Glamour targets women 18–49 (with the median age of 33.5) and reaches a subscription audience of 1,411,061 readers in the United States. Its circulation on newsstands was 986,447, making the total average paid circulation 2,397,508.

Glamour was the first women's magazine to feature an African-American cover girl when it included Katiti Kironde on the cover of its college issue in August 1968.

Since 1990, the magazine has held an annual "Women of the Year" awards ceremony.

On January 8, 2018, it was announced that Samantha Barry, previously the Head of Social Media and Emerging Media at CNN, would be the new Editor-in-Chief of Glamour.

In November 2018, Glamour announced that its print edition would cease with its January 2019 issue in order to focus on its digital presence.

Glamour Top College Women Awards 
Each year for the last 56 years, the magazine has been selecting a top ten list of outstanding college women across the country. Originally, the list was composed of the best dressed college juniors in America, but was changed for more substance with categories such as academic achievement, community service, and career goals as leading criteria. Hundreds of college juniors apply each year. Past winners, finalists include; Martha Stewart, Diane Sawyer, Swati Mia Saini,  Nancy Amanda Redd, 2003 Miss Virginia (MAO) and author of Body Drama, and Tamira A. Cole, Miss Black Kentucky USA 2009 and author of HUSH, actress Sheryl Lee Ralph and novelists Curtis Sittenfeld, Kate White, Janice Kaplan, Olympians Allison Schmitt, Julie Johnston, and Nzingha Prescod, Grace Kelly, and Jean Hanff Korelitz.

Glamour Woman of the Year Awards
Each autumn, the magazine organizes the “Glamour Woman of the Year Awards” which recognize women in the public eye.
In 2007, Lorena Ochoa won a Woman of the Year award. In 2008 the award was granted to two Yemenis: 10-year-old divorcee Nujood Ali, and the lawyer who took on her case. Nujood's courage was praised by prominent attendees, including Hillary Clinton and Condoleezza Rice. The 2010 Glamour Woman of the Year was Cher and the 2016 Glamour Woman of the Year was Zendaya

International editions

Glamour launched in the UK in April 2001, where it pioneered the “handbag size” format, with the tagline "fits in your life as well as your handbag".  Each September, the magazine held “National Glamour Week”, when it featured extra coupons and competitions. In 2016, Glamour UK launched the Glamour Beauty Festival, on a new off-page beauty event featuring demonstrations, treatments and speakers.

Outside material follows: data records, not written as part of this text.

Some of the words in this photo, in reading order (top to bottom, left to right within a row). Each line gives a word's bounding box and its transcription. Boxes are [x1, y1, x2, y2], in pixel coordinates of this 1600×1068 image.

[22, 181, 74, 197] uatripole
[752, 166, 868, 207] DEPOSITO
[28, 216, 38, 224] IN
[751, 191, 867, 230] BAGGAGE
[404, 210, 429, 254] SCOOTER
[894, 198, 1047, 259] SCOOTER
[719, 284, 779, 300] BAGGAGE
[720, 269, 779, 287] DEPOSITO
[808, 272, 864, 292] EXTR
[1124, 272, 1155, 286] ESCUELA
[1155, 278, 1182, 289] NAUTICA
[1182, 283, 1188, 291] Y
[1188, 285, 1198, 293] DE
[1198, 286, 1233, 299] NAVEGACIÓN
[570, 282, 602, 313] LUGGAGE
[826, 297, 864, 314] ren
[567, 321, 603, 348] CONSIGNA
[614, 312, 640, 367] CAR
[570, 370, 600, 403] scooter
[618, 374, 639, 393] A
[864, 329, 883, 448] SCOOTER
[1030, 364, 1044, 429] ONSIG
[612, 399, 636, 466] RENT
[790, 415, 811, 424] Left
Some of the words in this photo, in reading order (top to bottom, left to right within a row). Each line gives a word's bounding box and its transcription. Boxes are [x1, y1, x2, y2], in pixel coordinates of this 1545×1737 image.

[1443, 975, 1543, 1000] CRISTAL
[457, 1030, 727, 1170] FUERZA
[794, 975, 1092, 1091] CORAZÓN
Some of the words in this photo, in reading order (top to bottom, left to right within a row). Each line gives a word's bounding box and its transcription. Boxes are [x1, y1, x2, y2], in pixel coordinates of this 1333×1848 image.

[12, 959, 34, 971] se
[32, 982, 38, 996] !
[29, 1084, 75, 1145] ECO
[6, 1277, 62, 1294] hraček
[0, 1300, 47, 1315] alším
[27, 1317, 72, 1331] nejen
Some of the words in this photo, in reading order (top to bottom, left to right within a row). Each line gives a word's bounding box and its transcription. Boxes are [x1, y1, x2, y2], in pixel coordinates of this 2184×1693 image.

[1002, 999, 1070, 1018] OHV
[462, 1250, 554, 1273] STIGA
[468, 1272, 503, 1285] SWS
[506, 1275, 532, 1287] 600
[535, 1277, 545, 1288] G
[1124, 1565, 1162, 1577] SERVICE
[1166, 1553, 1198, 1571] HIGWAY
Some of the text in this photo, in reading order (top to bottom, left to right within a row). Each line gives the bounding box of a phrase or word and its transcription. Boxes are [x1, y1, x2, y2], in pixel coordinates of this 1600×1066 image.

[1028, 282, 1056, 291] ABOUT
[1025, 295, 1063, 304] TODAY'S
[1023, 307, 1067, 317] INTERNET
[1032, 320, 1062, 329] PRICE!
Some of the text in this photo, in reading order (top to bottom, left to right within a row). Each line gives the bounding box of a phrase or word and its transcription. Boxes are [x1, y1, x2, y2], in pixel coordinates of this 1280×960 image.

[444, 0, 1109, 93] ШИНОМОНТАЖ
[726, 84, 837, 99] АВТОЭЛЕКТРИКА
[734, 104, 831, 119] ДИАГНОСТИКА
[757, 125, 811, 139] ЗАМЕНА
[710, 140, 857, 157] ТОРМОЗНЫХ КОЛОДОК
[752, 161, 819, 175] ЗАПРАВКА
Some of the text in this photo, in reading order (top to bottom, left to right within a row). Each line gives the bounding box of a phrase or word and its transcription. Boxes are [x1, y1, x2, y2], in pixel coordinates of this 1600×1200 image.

From its launch to the final traditional issue in November 2017, the magazine was edited by Jo Elvin, with Michelle Pamment serving as acting editor briefly in 2005. In June 2009, to celebrate Glamours eighth birthday in the UK, Glamour.com made a gallery of every cover since its launch. In October 2017, following declining sales, it was announced that publication of the monthly UK edition would end at the end of 2017, and that the UK version would be a semi-annual publication. In November 2017, Deborah Joseph was appointed Chief Content Officer of Glamour UK.

The Italian edition of Glamour was launched in December 1976, under the title Lei (She), then officially renamed Glamour, like its U.S. counterpart, in 1992.

The Russian edition was established in 2004, and is published monthly.

The South African edition launched in April 2004 and is published monthly.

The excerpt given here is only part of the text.